The Norfolk and Norwich University Hospital (NNUH) was among the earliest of the major hospitals to be built under the PFI. In this chapter, I give a brief summary of the history of the NNUH - a more detailed history of the hospital is given in Appendix 1 at the end of this report.
The new NNUH hospital replaced two existing, Norwich-based hospitals. The main one was the St.Stephen's hospital, less than a mile from the city centre. The second, smaller one was the West Norwich hospital, less than two miles from the city centre. In the 1980s, it was recognised that the St Stephen's hospital was in need of renovation, but there was considerable controversy about whether it should be or whether a new hospital should be built further from the centre of the city. After strong pressure from some of the consultants at the hospital, from the Vice-Chancellor of the University of East Anglia and other influential figures, pressure built up behind a new Norfolk and Norwich University Hospital (NNUH) on a greenfield site at Colney, on the western outskirts of Norwich close to the University of East Anglia and next to the Research Park. As a result of this pressure from influential figures, by the end of the 1980s, the site at Colney had emerged as a preferred site for a new hospital, but with the city centre hospital being retained24.

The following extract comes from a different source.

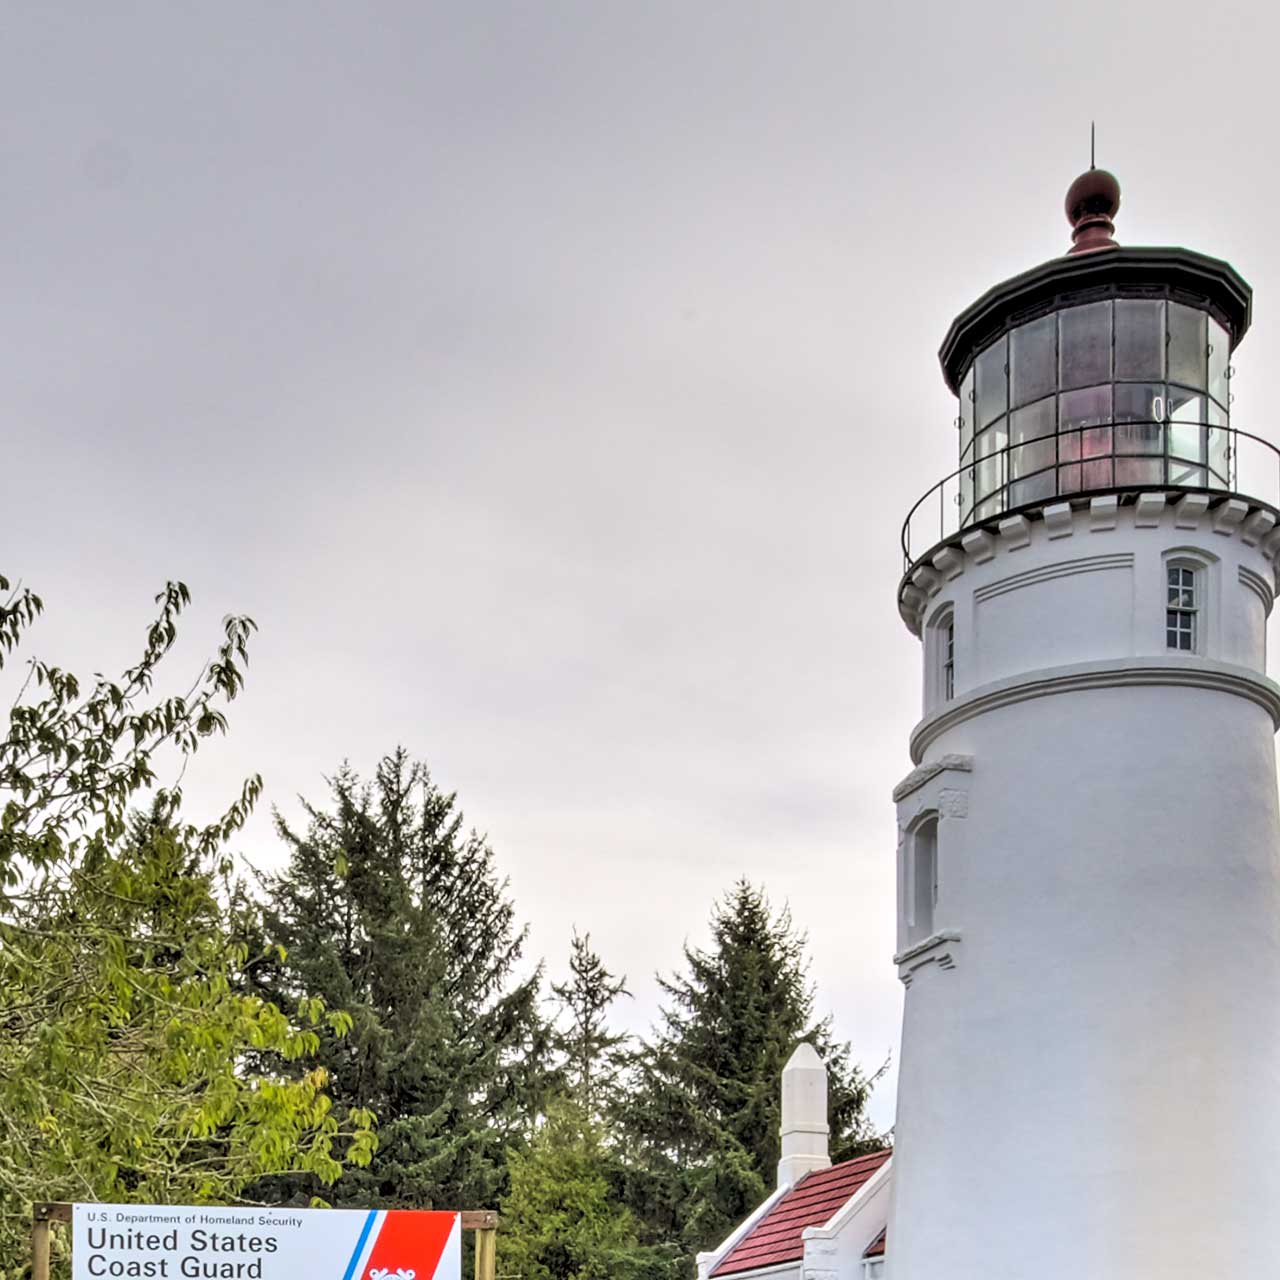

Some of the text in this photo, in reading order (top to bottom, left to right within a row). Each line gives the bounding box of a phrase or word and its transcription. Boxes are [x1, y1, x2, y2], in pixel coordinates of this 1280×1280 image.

[87, 1212, 303, 1228] U.S. Department of Homeland Security
[87, 1228, 278, 1252] United States
[87, 1254, 262, 1279] Coast Guard

However there were worries about two aspects of these proposals. One was having two major hospitals quite close together but on different sites; the second was about the number of beds required. The choice of the site at Colney was to be clinched by the drive for the Private Finance Initiative (PFI) in the 1990s.
By 1994, at about the same time as the formation of the Norfolk and Norwich Health Care NHS Trust (NNHCT), an Outline Business Case (OBC) was submitted for a hospital to be built under the PFI. This OBC proposed a hospital with 701 beds, a huge drop from a total of 1650 beds under a 1989 proposal.

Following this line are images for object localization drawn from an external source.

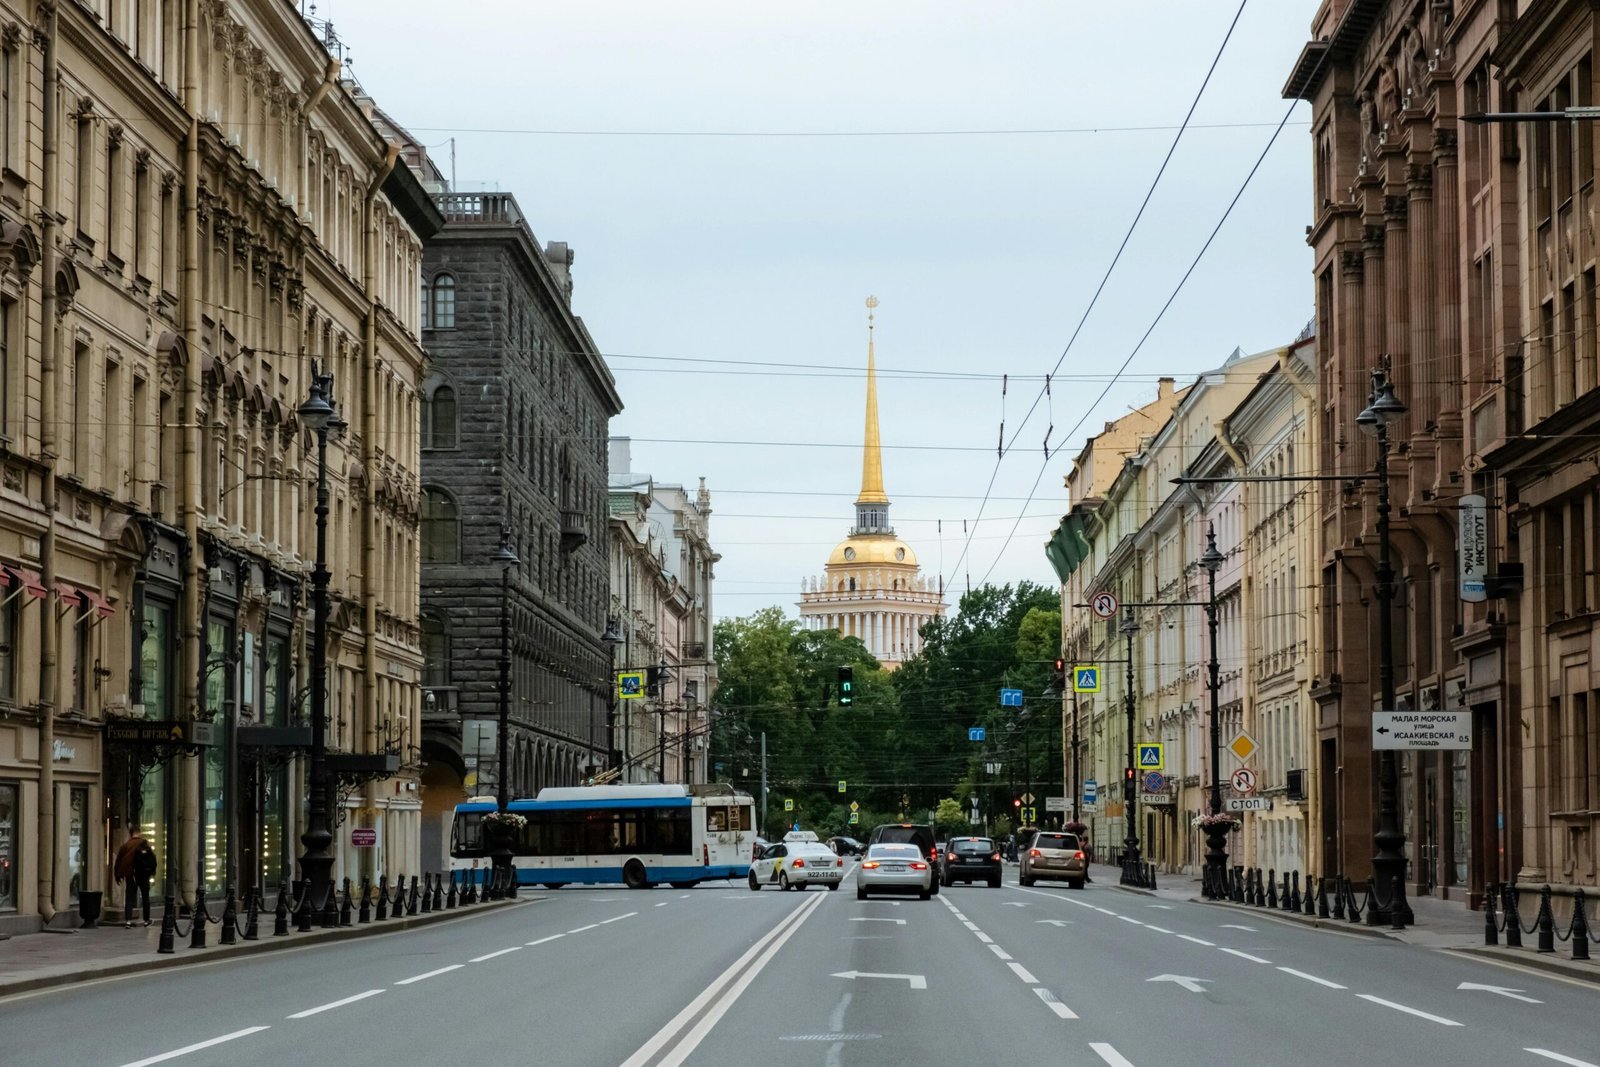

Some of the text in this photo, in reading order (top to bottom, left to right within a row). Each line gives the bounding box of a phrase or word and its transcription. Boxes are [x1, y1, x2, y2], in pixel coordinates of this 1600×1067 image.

[1475, 515, 1485, 566] ИНСТИТУТ
[1391, 715, 1457, 723] МАЛАЯ МОРСКАЯ
[1413, 723, 1435, 731] улица
[1394, 732, 1455, 740] ИСААКИЕВСКАЯ
[1143, 795, 1166, 803] СТОП
[1230, 799, 1261, 810] СТОП

Thus, in five years, the number of beds thought to be needed had more than halved. There were two possible explanations for this massive drop. One was changes in clinical practice - patients were increasingly being treated on a day-care basis and the average length of stay was dropping. This was true but there is also a strong claim that the hospital size was squeezed to make an expensive private sector option affordable. This suspicion is strengthened by three factors;
• a number of similar downsizing proposals were being made across the UK for other PFI hospital proposals25;
• the 701 beds was the minimum number thought to be required in a study done for the East Anglian area by the Department of Health in 1994
• a discussion about the NNUH at the Select Committee on Health in 1999 indicated that 'affordability' was a major factor
In 1995 a 701-bed, PFI hospital was approved by the NHS Executive on the basis of a recommendation from an Outline Business Case. In the following year, the proposed size was raised to 809 beds and in 1998 a financial contract was signed with Octagon Healthcare to build a hospital of 809 beds. This contract was amended in 1999 to a hospital with 953 beds.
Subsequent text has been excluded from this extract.